Gensetix v. Univ. Texas v. Baylor College of Med. (Fed. Cir. 2020)
Here is the three-party setup in this case involving the patentee, licensee, and accused infringers:
- Invent & Patent: Dr. Decker, a UTexas researcher invented a method for generating anti-tumor immune response and UTexas obtained the patents (US8728806; US9333248);
- License: UTexas provided an exclusive license to Mr. Mirrow who later transferred the license to Gensetix;
- Infringe: Dr. Decker later moved his lab to BCM and continued research without license;
- Sue: Gensetix sued BCM & Decker for infringement, but the patent owner UTexas refused to participate in the case.
The usual rule is that a patent infringement lawsuit cannot proceed unless the patentee — i.e., the patent owner — is a plaintiff. And, in a normal lawsuit being a plaintiff is voluntary business. However, our rules of civil procedure do also call for “involuntary plaintiffs.”
(2) Joinder by Court Order. [A required party] who refuses to join as a plaintiff may be made either a defendant or, in a proper case, an involuntary plaintiff.
Fed. R. Civ. Pro. R. 19(a)(2). This happens occasionally in patent cases such as this where the patentee has promised to enforce the patent, but then later refuses. In that situation, the licensee files the lawsuit as plaintiff and joins the patent owner as an involuntary plaintiff. The problem here — UTexas is part of the State of Texas and claims sovereign immunity in this case.
The Judicial power of the United States shall not be construed to extend to any suit in law or equity, commenced or prosecuted against one of the United States by Citizens of another State.
U.S. Const., Amendment XI (1795). Although the 11th Amendment offers only a limited amount of State Sovereign immunity, the Supreme Court has repeatedly written that the structure and nature of Federal system includes additional State immunities.
In its appellate decision in the case, the Federal Circuit answered two questions (1) Does sovereign immunity protect TX from being joined as an involuntary plaintiff; (2) If TX cannot be joined as a party, may the case proceed without the patentee? The court then issued three separate opinions with Judge O’Malley’s approach garnering a majority on each issue:
Thus, in the end, the court found that TX is immune from being joined, but that the case should proceed with the licensee suing BCM for infringement.
BCM subsequently petitioned for en banc review on the following question:
Can a party who is not a patentee “have remedy by civil action for infringement”?
BCM En Banc Petition. That petition has now been denied — setting up potential Supreme Court review.
The basic framing of the appeal is that there is some tension between the language of R.19 and the Supreme Court decision in Republic of Philippines v. Pimentel, 553 U.S. 851 (2008).
First, R. 19: The text of the rule expressly allows a court to continue with a lawsuit even though a “required party” cannot be joined.
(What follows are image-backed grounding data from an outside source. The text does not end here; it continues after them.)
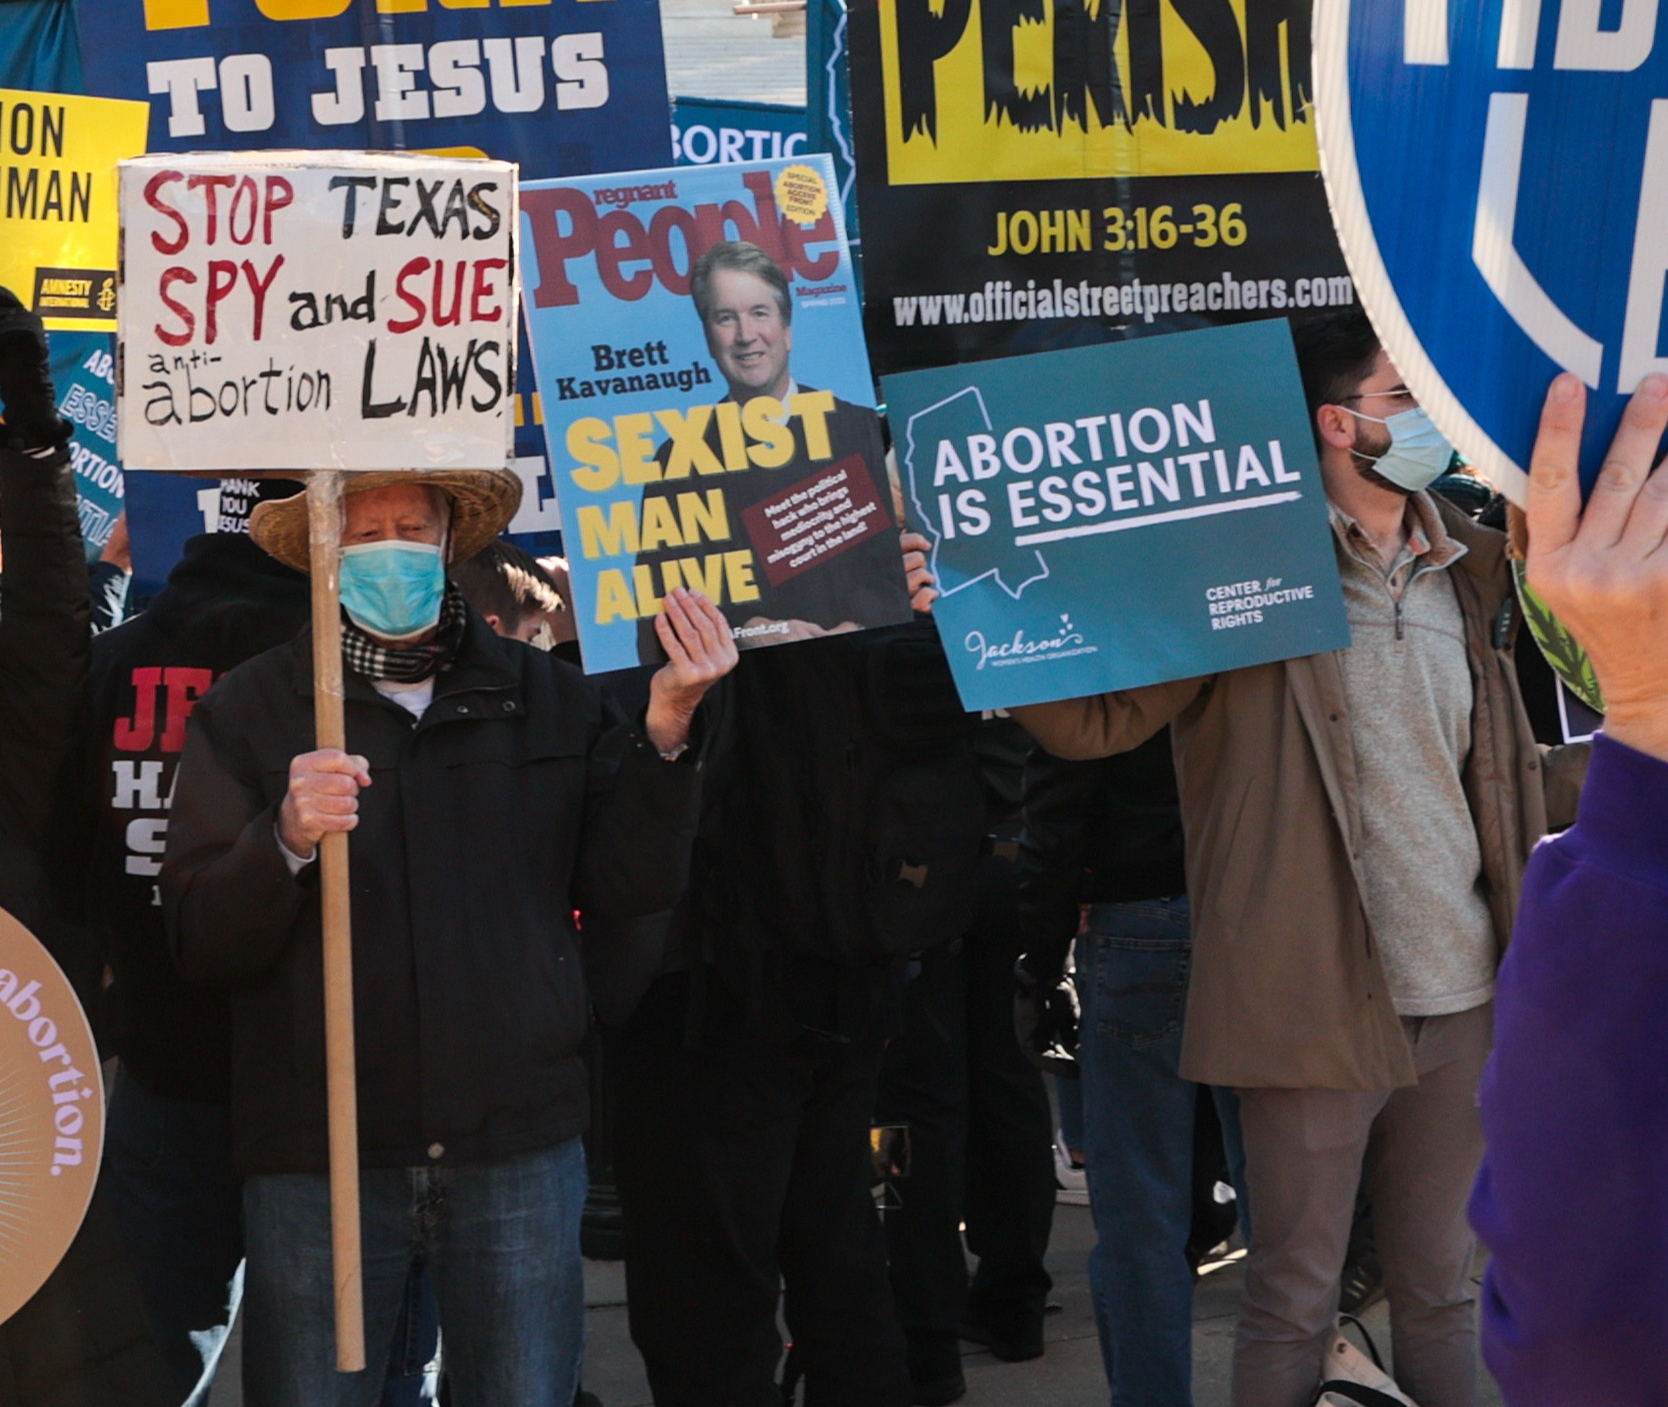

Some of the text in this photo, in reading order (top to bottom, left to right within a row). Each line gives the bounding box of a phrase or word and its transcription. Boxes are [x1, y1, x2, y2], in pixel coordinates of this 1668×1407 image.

[146, 32, 609, 138] TO JESUS
[142, 170, 503, 255] STOP TEXAS
[987, 203, 1248, 256] JOHN 3:16-36
[520, 171, 840, 310] People
[40, 278, 93, 296] AMNESTY
[152, 253, 509, 348] SPY and SUE
[893, 273, 1355, 326] www.officialstreetpreachers.com
[148, 349, 225, 374] anti-
[556, 361, 712, 400] Kavanaugh
[591, 340, 670, 372] Brett
[142, 371, 332, 428] abortion
[566, 390, 837, 493] SEXIST
[933, 398, 1216, 487] ABORTION
[936, 438, 1302, 540] IS ESSENTIAL
[577, 488, 732, 559] MAN
[595, 548, 761, 626] ALIVE
[1206, 575, 1285, 602] CENTER for
[1208, 585, 1315, 618] REPRODUCTIVE
[1211, 610, 1265, 631] RIGHTS
[964, 630, 1084, 671] Jackson
The basic approach is that the court must apply “equity and good conscious” to determine whether to dismiss the case or to proceed.
19(b) When Joinder Is Not Feasible. If a person who is required to be joined if feasible cannot be joined, the court must determine whether, in equity and good conscience, the action should proceed among the existing parties or should be dismissed.
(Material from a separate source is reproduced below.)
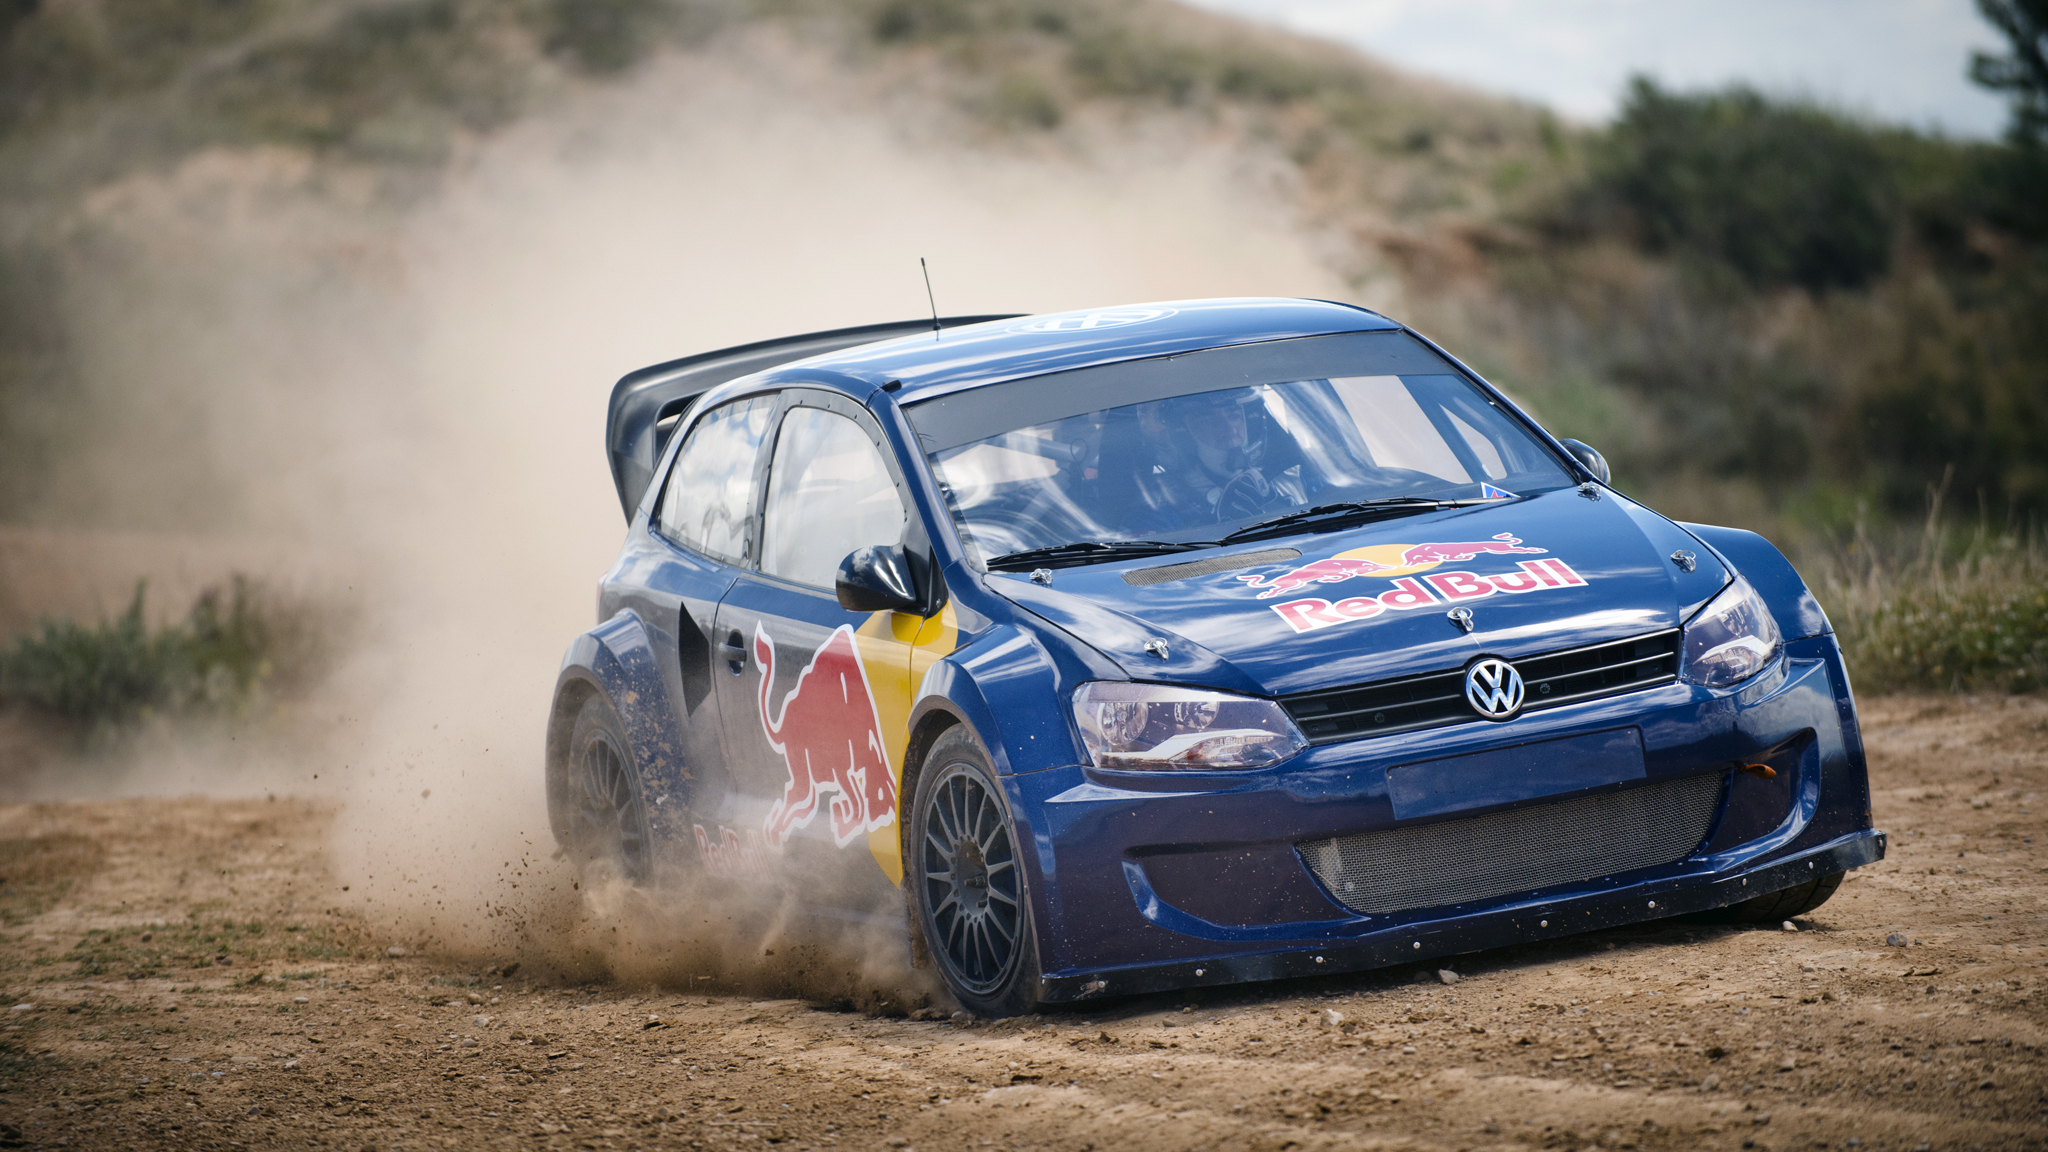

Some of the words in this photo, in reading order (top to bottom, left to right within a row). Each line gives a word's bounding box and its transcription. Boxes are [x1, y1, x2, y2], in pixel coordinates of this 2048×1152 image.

[1271, 577, 1440, 633] Red
[1428, 558, 1588, 602] Bull
[1466, 659, 1524, 717] VW
Id. (listing factors to consider).
On the other hand, in Pimentel, the court appeared to endorse a stark limit on continuing suits such as this where the sovereign is absent but will be potentially injured by an adverse decision:
A case may not proceed when a required entity sovereign is not amenable to suit. [Our prior] cases instruct us that where sovereign immunity is asserted, and the claims of the sovereign are not frivolous, dismissal of the action must be ordered where there is a potential for injury to the interests of the absent sovereign.
Republic of Philippines v. Pimentel, 553 U.S. 851 (2008).
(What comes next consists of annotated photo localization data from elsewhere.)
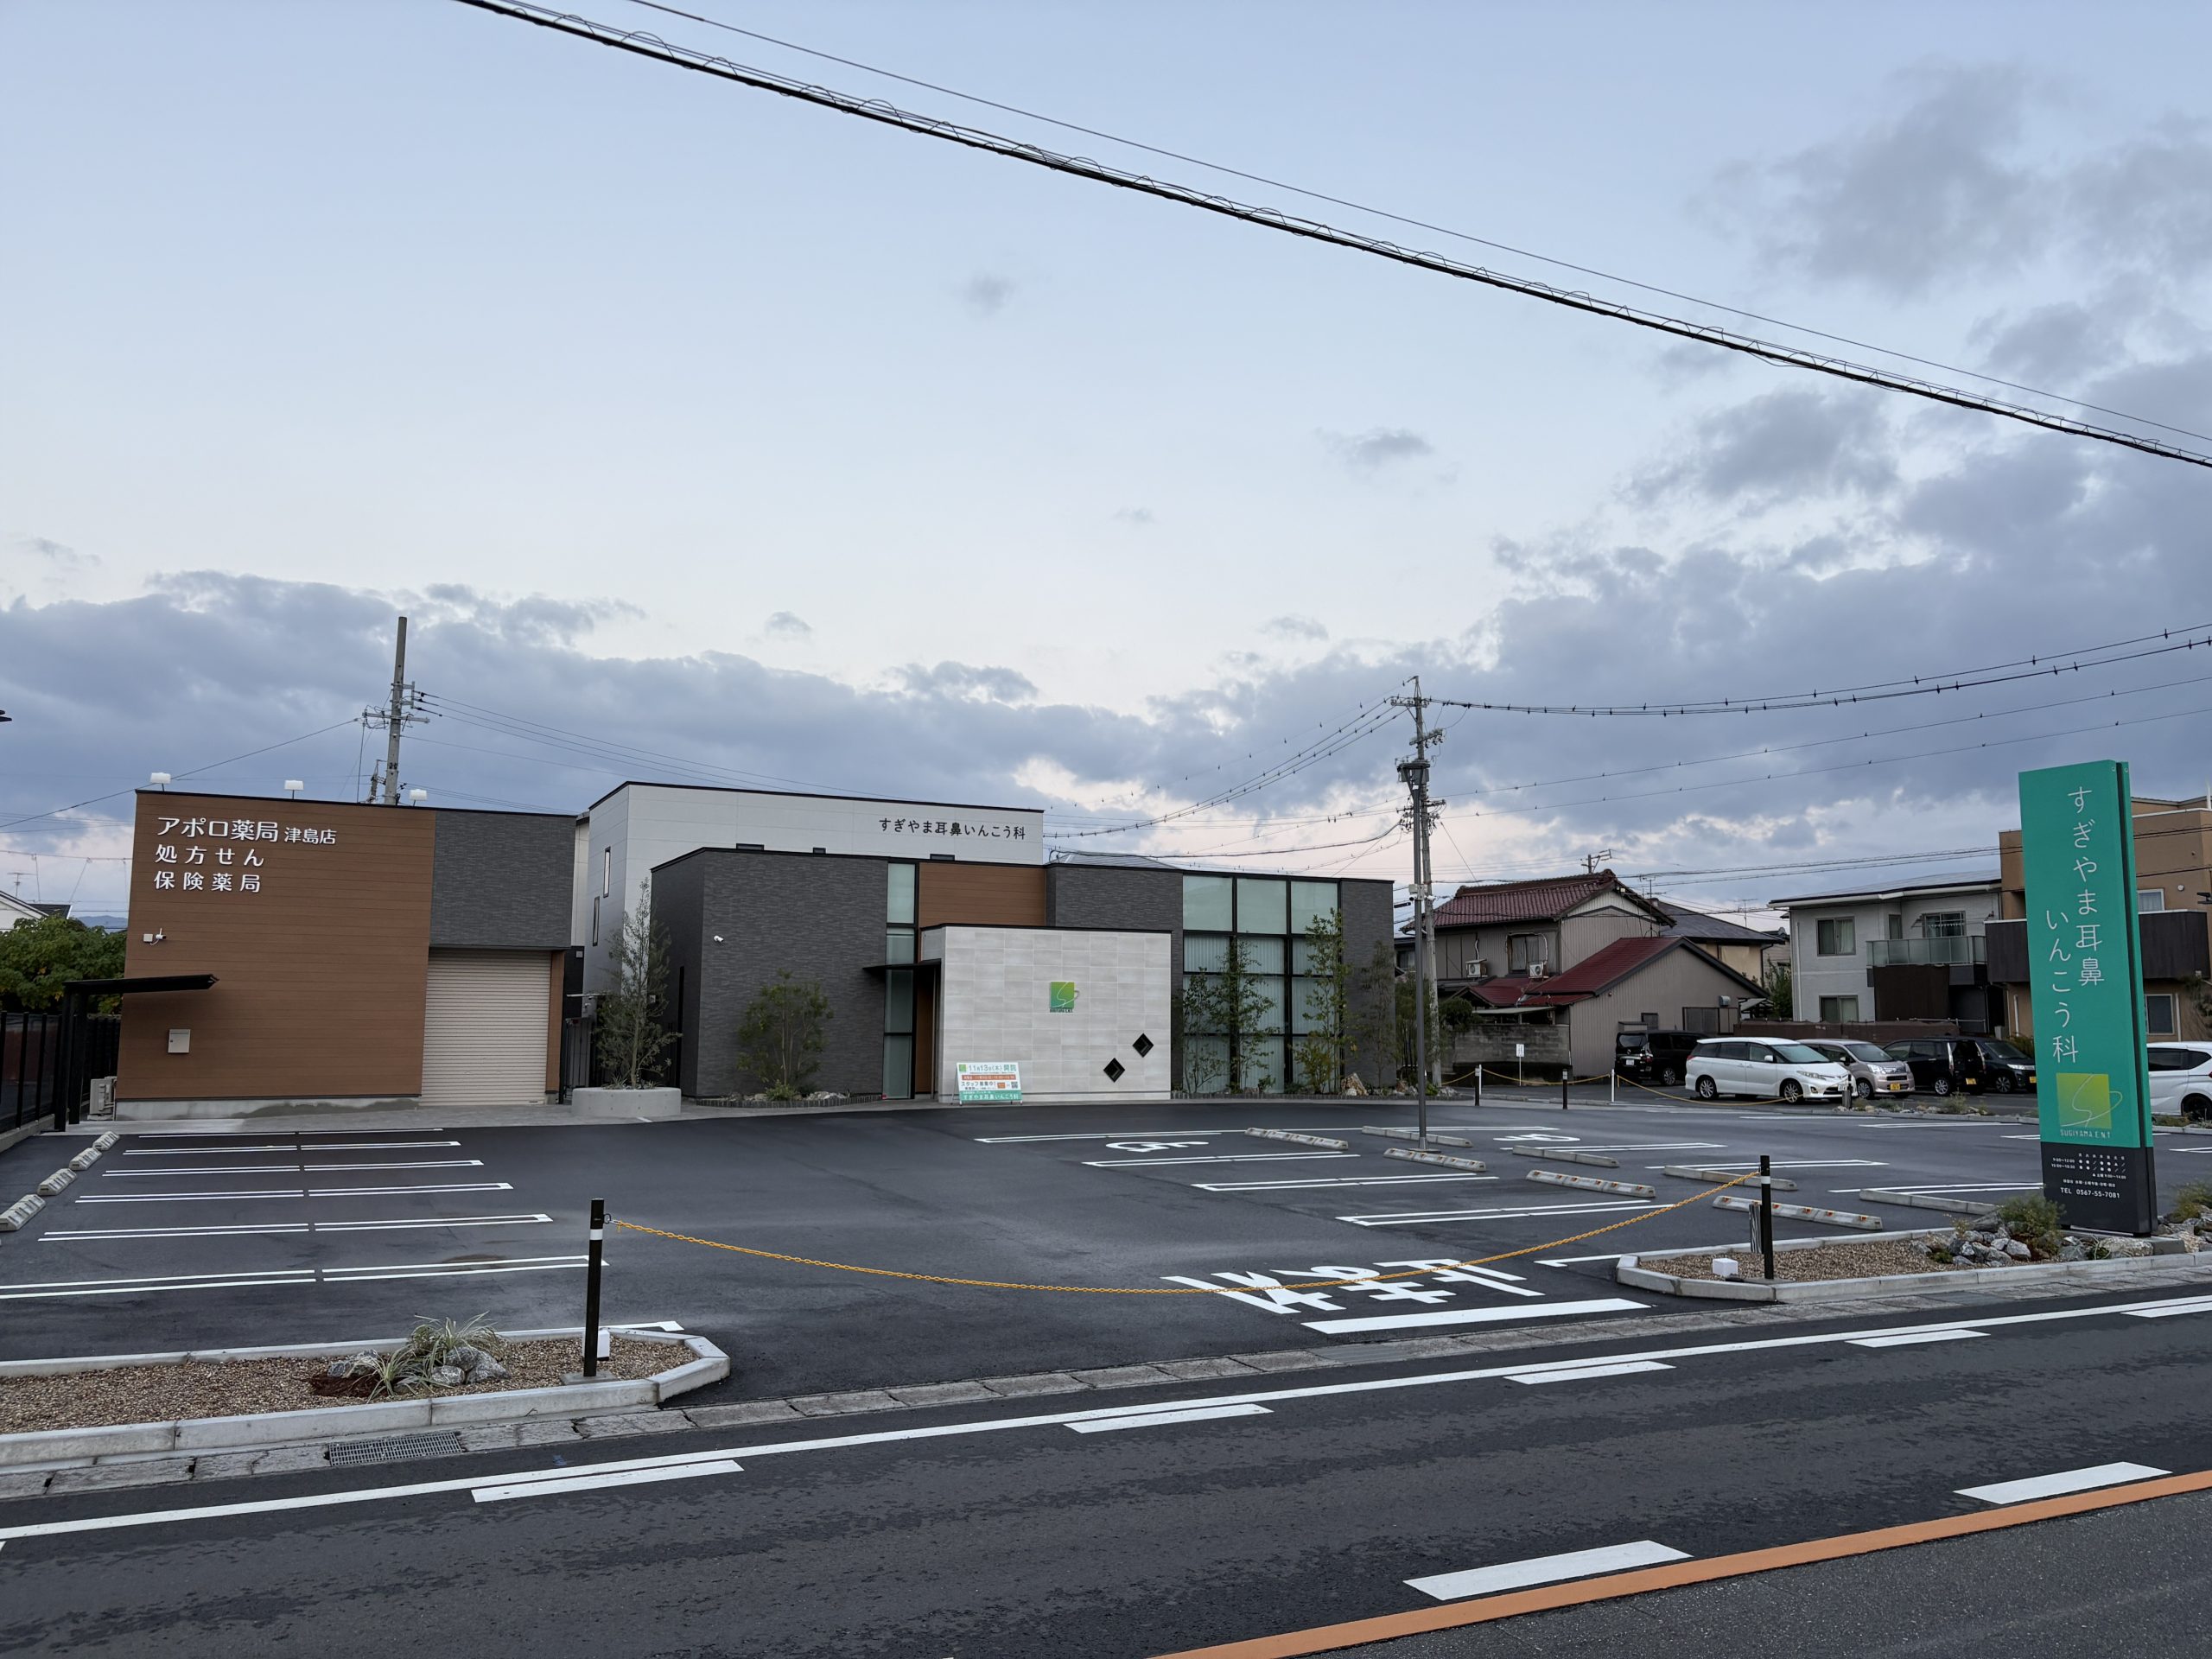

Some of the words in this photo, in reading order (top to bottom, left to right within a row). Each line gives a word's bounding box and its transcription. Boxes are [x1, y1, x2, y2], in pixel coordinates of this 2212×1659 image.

[157, 817, 279, 842] アポロ薬局
[284, 827, 337, 845] 津島店
[879, 817, 1026, 841] すぎやま耳鼻いんこう科
[155, 844, 264, 868] 処方せん
[154, 870, 261, 893] 保険薬局
[2068, 786, 2104, 986] すぎやま耳鼻
[2046, 910, 2079, 1064] いんこう科
[2075, 1189, 2120, 1198] 0567-55-7081
The patent act creates a cause-of-action for patent infringement, and the en banc question presented quotes from from the statute:
A patentee shall have remedy by civil action for infringement of his patent.
35 U.S.C. 281. The petition mentions that on remand it will be able to raise this issue and dismiss the case since Gensetix is not a “patentee.” The FedCir has held that exclusive assignees can be considered a patentee if they have “all substantial rights” to the patent. In this case, Gensetix originally argued that it had all substantial rights, but now admits that it does not. Thus on remand this may become a standing issue.